**WHAT TO PRODUCE**.
Quote all of the data that follows exactly as written, skipping the images.

Saved data entries
-*-
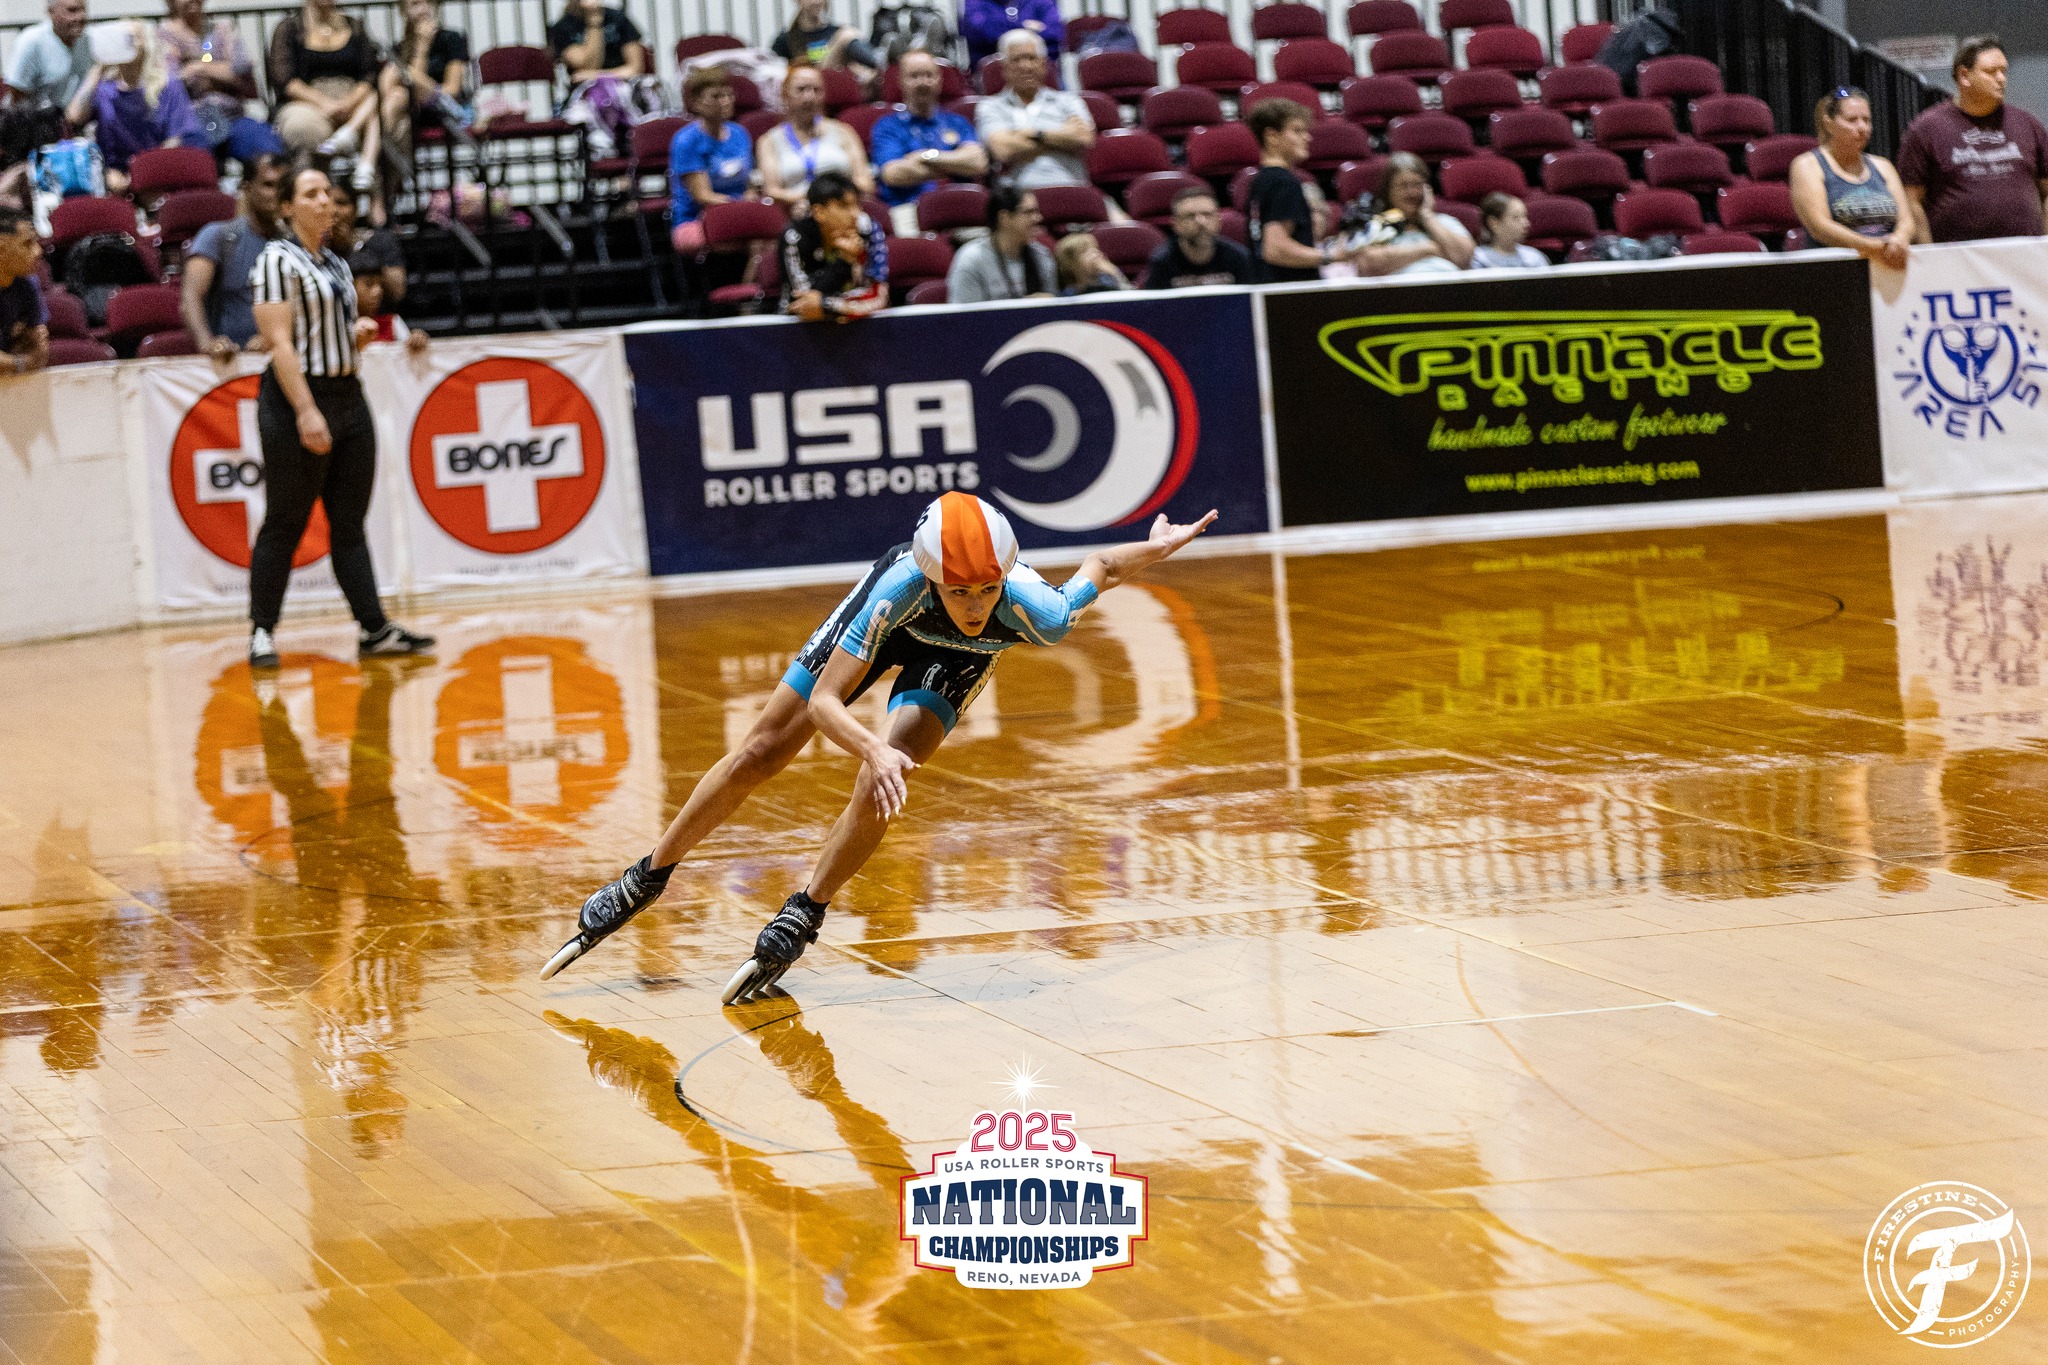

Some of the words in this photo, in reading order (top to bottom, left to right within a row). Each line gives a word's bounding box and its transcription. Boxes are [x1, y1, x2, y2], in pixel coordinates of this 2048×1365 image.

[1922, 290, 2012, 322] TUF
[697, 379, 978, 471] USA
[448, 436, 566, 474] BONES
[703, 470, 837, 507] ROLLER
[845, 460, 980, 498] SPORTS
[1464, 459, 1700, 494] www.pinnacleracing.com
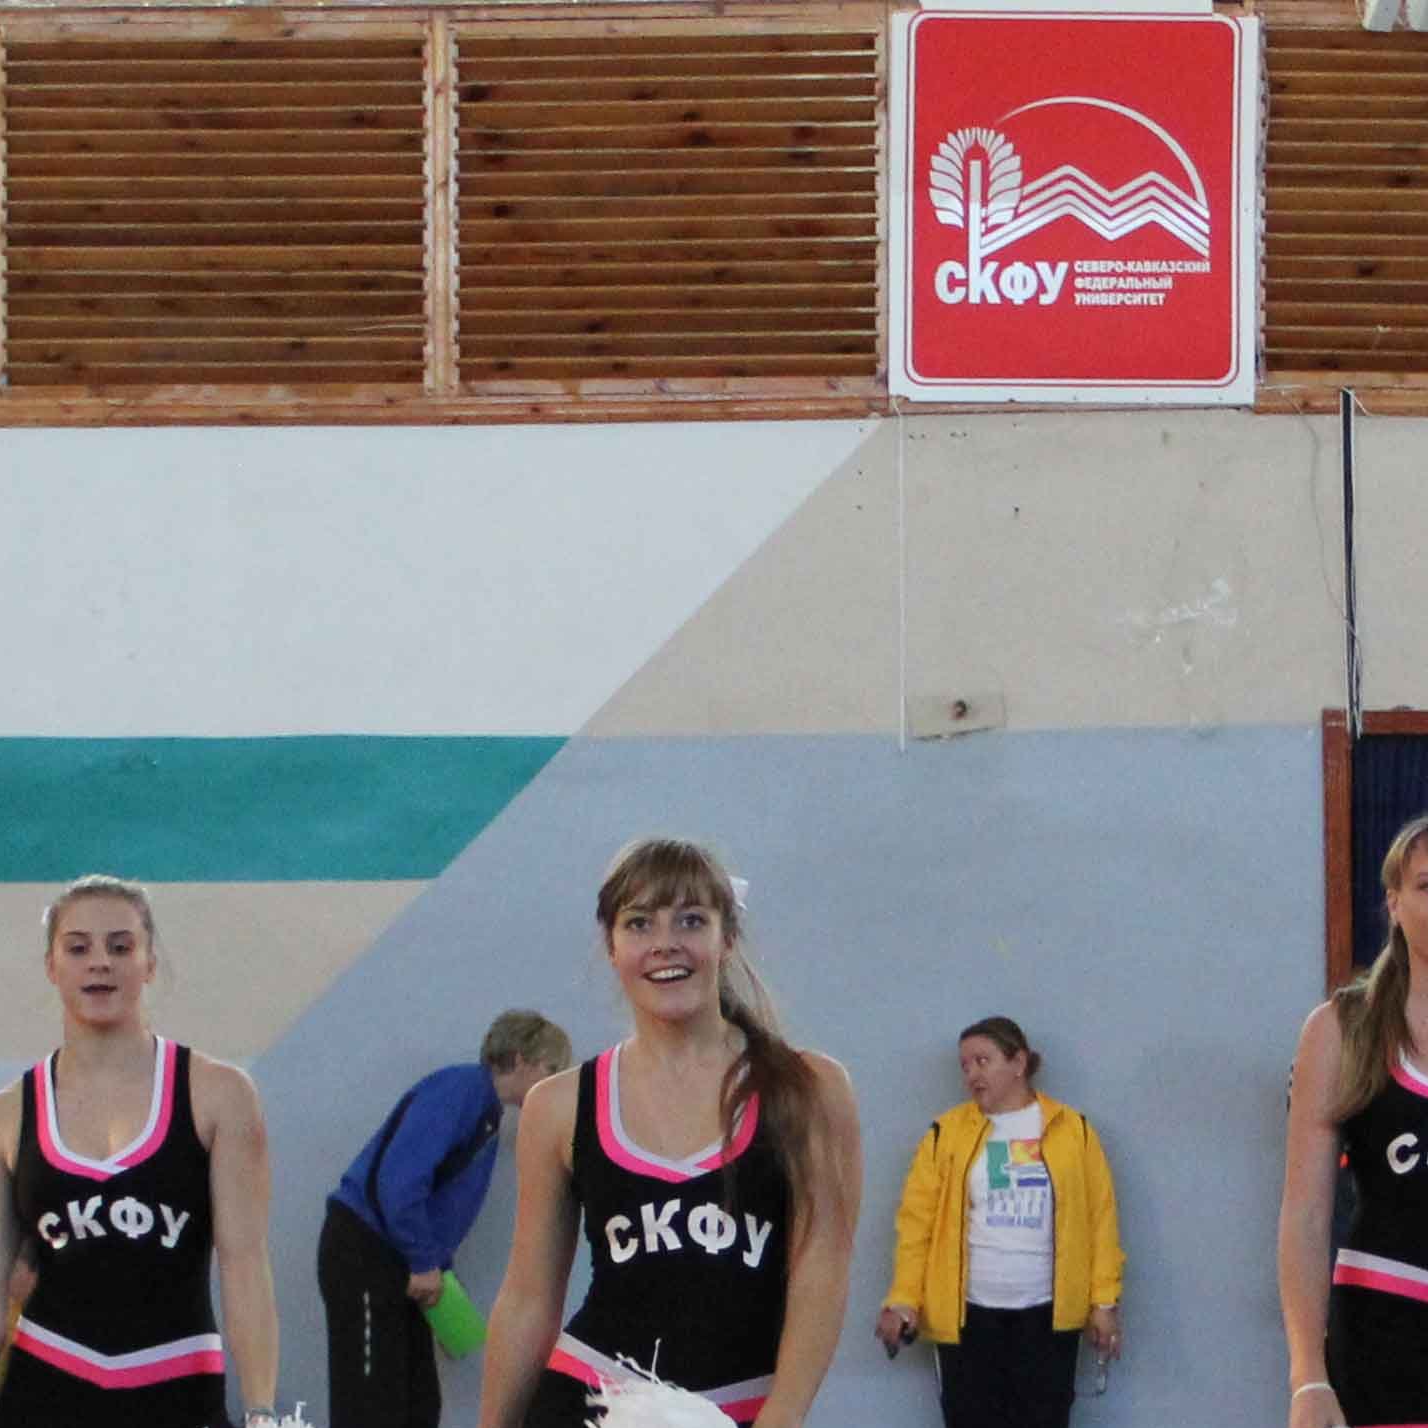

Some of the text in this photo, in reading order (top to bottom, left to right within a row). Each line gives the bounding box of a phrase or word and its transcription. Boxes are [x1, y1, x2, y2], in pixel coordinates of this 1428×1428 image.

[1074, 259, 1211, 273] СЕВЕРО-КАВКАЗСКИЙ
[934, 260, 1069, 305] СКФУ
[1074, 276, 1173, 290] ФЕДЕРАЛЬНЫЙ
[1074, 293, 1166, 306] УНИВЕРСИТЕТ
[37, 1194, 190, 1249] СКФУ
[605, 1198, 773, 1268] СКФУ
-*-
**ANSWER TO THE PROBLEM**.
Some of the words in this photo, in reading order (top to bottom, left to right within a row). Each line gives a word's bounding box and its transcription. Boxes are [x1, y1, x2, y2], in pixel coordinates of this 2048×1365 image.

[1922, 290, 2012, 322] TUF
[697, 379, 978, 471] USA
[448, 436, 566, 474] BONES
[703, 470, 837, 507] ROLLER
[845, 460, 980, 498] SPORTS
[1464, 459, 1700, 494] www.pinnacleracing.com

Some of the text in this photo, in reading order (top to bottom, left to right within a row). Each line gives the bounding box of a phrase or word and its transcription. Boxes are [x1, y1, x2, y2], in pixel coordinates of this 1428×1428 image.

[1074, 259, 1211, 273] СЕВЕРО-КАВКАЗСКИЙ
[934, 260, 1069, 305] СКФУ
[1074, 276, 1173, 290] ФЕДЕРАЛЬНЫЙ
[1074, 293, 1166, 306] УНИВЕРСИТЕТ
[37, 1194, 190, 1249] СКФУ
[605, 1198, 773, 1268] СКФУ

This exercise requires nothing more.